I find Google Sheets can be an amazing tool for organizing projects – the endless rows and columns allow me to track and categorize things as I please. (You should see my Byzantine spreadsheet for my family’s personal finances.)
Until recently, however, I encountered a major limitation that upset my organizational brain. If I wanted to add hyperlinks to a cell, I could only link an entire cell instead of hyperlink individual words inside. This meant, for example, that if I wanted to follow some interesting personal finance links in my spreadsheet, I had to create individual cells for each of these hyperlinks, which could quickly fill a lot more cells than I would like.
But earlier this summer, while researching a great story, I must have subconsciously noticed that something had changed. I could finally bind as many things as I wanted in one cell, which allowed me to pack even more organization in my handcrafted spreadsheets. The functionality was so good – and felt so natural to me – that I immediately switched to using it as if it had always been there, and I didn’t think much about it.
But today another Edge staff also noted the change with enthusiasm, sharing it in The Rod Slack as a public service announcement. And then my editor realized that he, like me, started using it without even thinking about it. It’s just convenient.

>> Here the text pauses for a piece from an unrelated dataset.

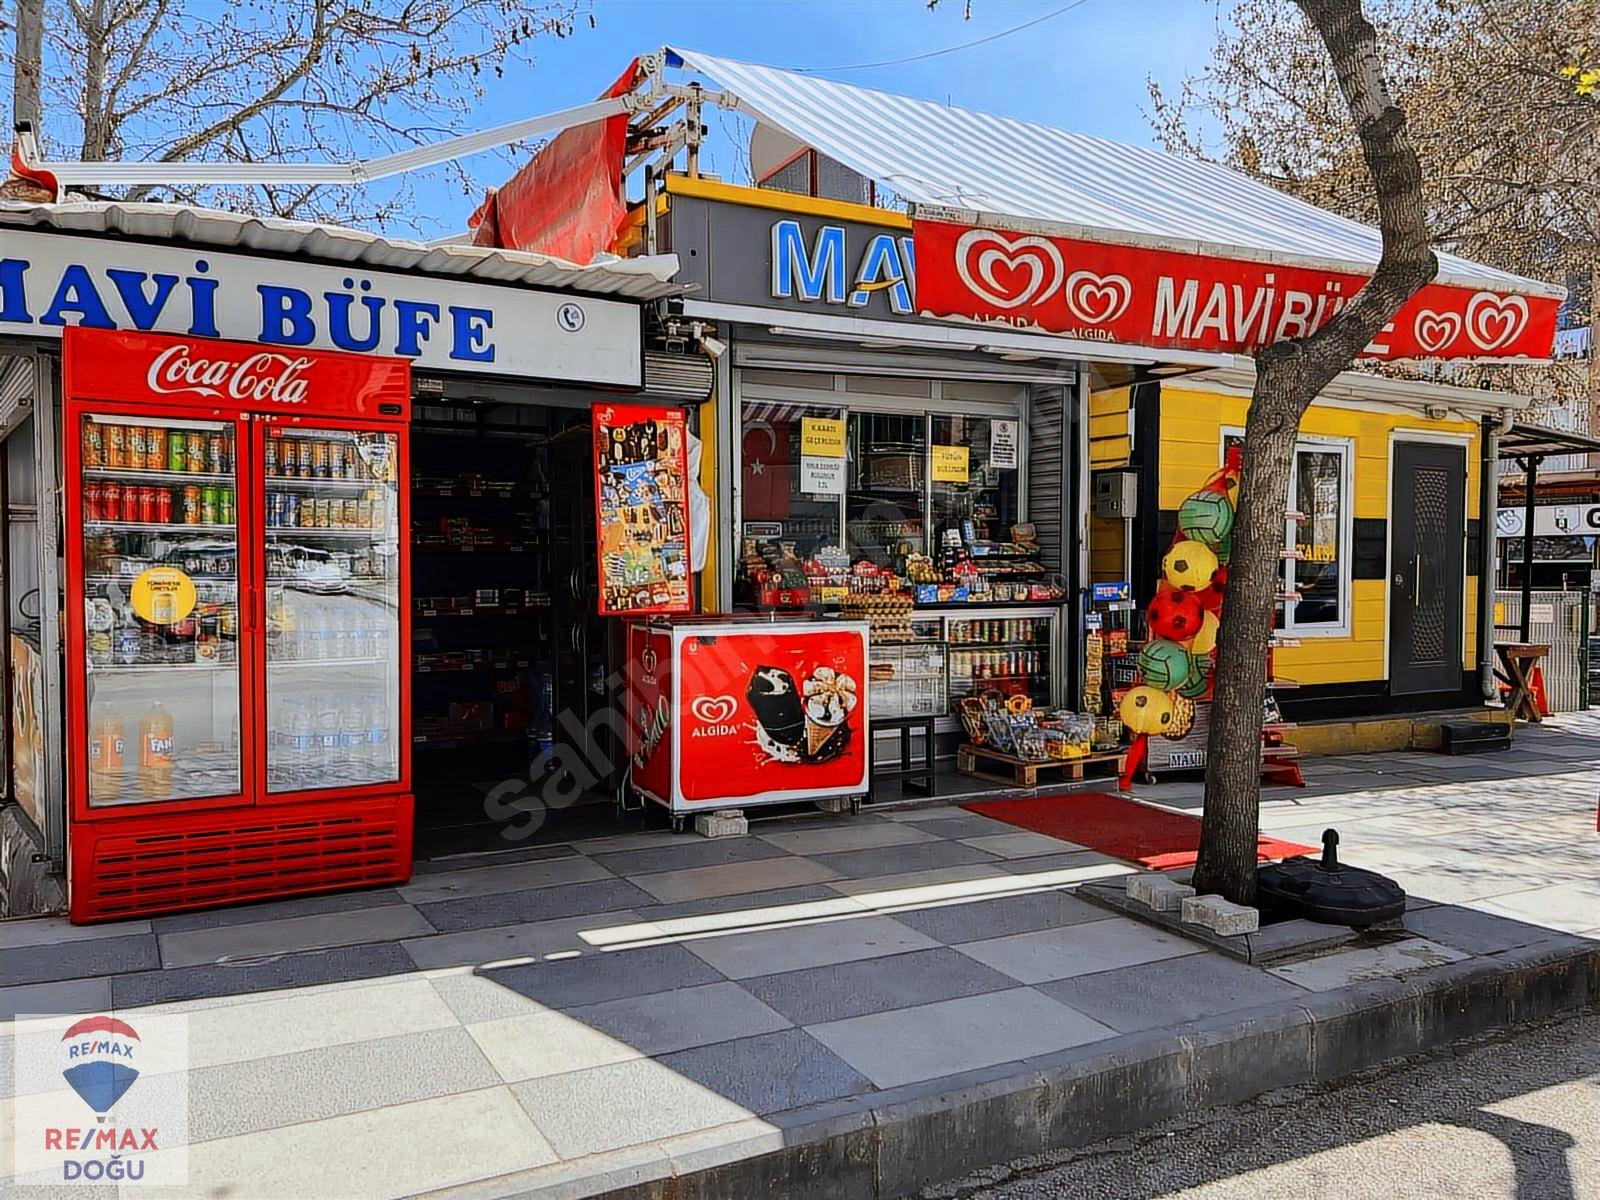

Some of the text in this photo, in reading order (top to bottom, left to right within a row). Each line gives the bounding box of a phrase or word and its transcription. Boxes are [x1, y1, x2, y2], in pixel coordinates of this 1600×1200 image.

Granted, my colleagues and I may be a little late for the hyperlink part. I found a Google support thread discussing the new feature starting May 7 and a YouTube tutorial posted the same day. But maybe the feature reached my coworkers and I a bit later than May, as Google sometimes rolls out features over time.
We thought we would share with you our common discovery of functionality, dear Edge reader, so you can start creating hyperlinks.